*** Opening of DATASET RECORDS ***

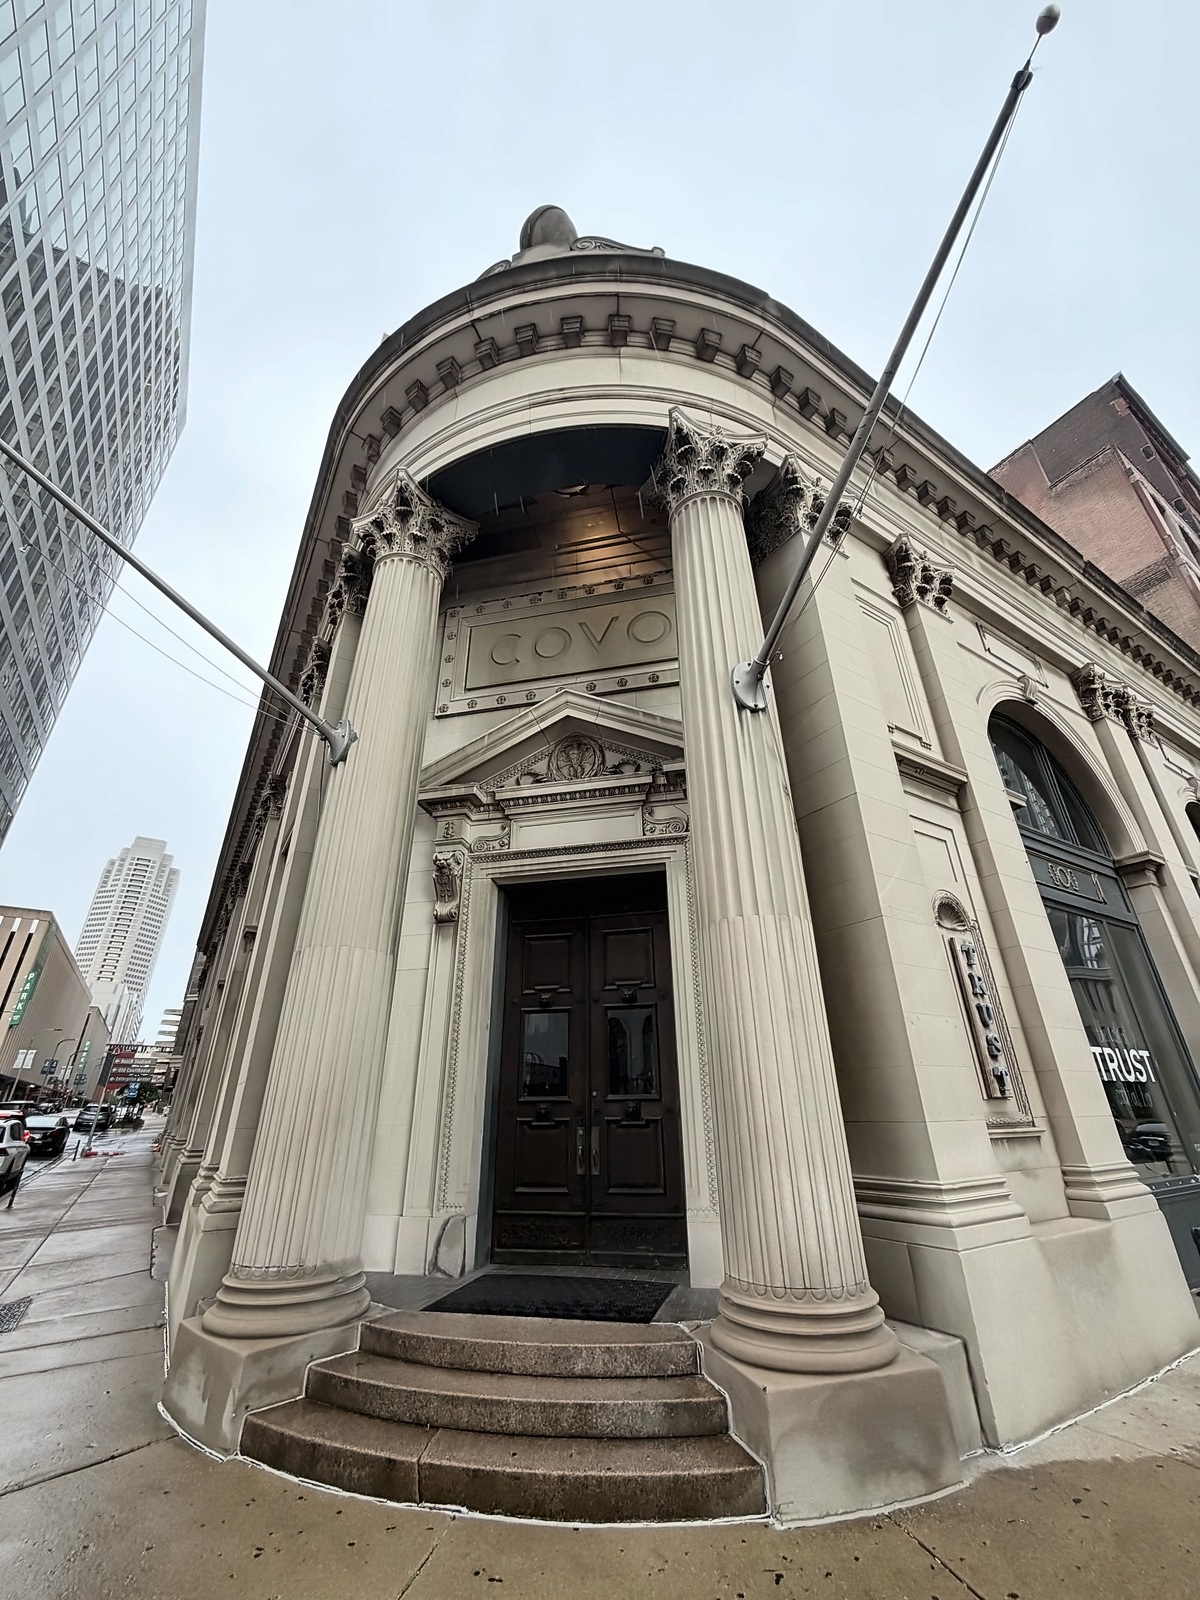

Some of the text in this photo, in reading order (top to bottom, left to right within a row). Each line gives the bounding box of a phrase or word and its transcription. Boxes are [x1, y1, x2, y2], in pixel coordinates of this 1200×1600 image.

[491, 610, 672, 666] COVO
[17, 973, 35, 1010] PARK
[961, 942, 1010, 1095] TRUST
[1090, 1046, 1156, 1083] TRUST

*** Close of DATASET RECORDS ***

> _PROBLEM_
For every line above, produce an exact transcription that omits the images.

> _RESPONSE AREA_
Some of the text in this photo, in reading order (top to bottom, left to right within a row). Each line gives the bounding box of a phrase or word and its transcription. Boxes are [x1, y1, x2, y2], in pixel coordinates of this 1200×1600 image.

[491, 610, 672, 666] COVO
[17, 973, 35, 1010] PARK
[961, 942, 1010, 1095] TRUST
[1090, 1046, 1156, 1083] TRUST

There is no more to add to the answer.